15 of 15 people found the following review helpful By Ethan Frome on 1 May 2006
Format: Paperback
This book has many problems. Chapter 0 is not something that should be read until after one has read the rest of the book. Some of the exercises are incredibly difficult. Indeed, there is an exercise in chapter 1 (i.e. early so the author should be building ones confidence in the book) which I think most professors of probability would struggle with. The exercises at the back of the book range from the similarly intractable to the reasonably useful but most readers will be wasting much of their time if they persist with these exercises. There are of course no solutions to these.

The book is full of annoying "this is now obvious" or "left to the reader as an exercise" statements. Years later on returning to the book I realise that those statements ARE obvious, that is obvious to someone who has spent years in the subject. It has been my experience that when you read an introductory book on a subject, very few things are obvious and "left to the reader as an exercise" leads to difficulties.
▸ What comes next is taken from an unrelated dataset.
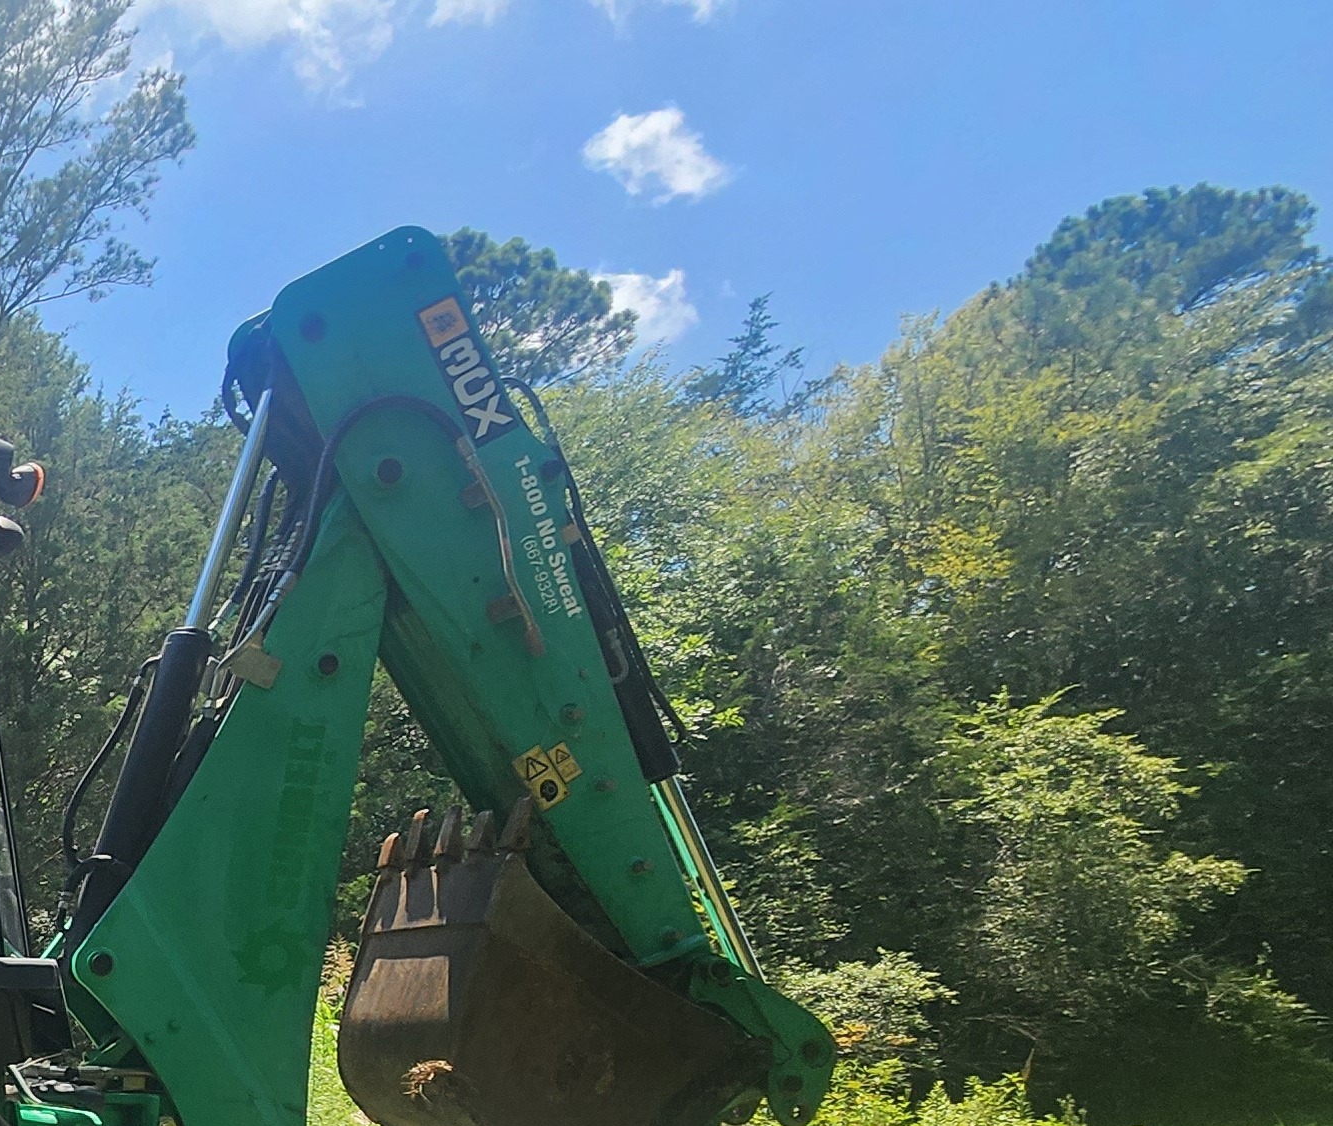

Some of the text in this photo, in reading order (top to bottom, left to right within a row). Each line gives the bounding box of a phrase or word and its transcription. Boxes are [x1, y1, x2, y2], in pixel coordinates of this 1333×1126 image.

Despite this, it is actually a very good book. The proofs are rigorous, though they could do with a little more explanation in parts. The book covers a great many important topics in a relatively short number of pages and will prepare you well for future studies in stochastics for example. Its coverage of martingales is excellent and its treatment of both conditional expectation and ordinary expectation are both good. One testament to its quality is that when reading other books on stochastic processes (say) I am amazed at how often the results in williams are applied. What I mean by this is that Williams has selected the most useful results and packed them into this small book.

Do read this book, but don't expect it to be easy.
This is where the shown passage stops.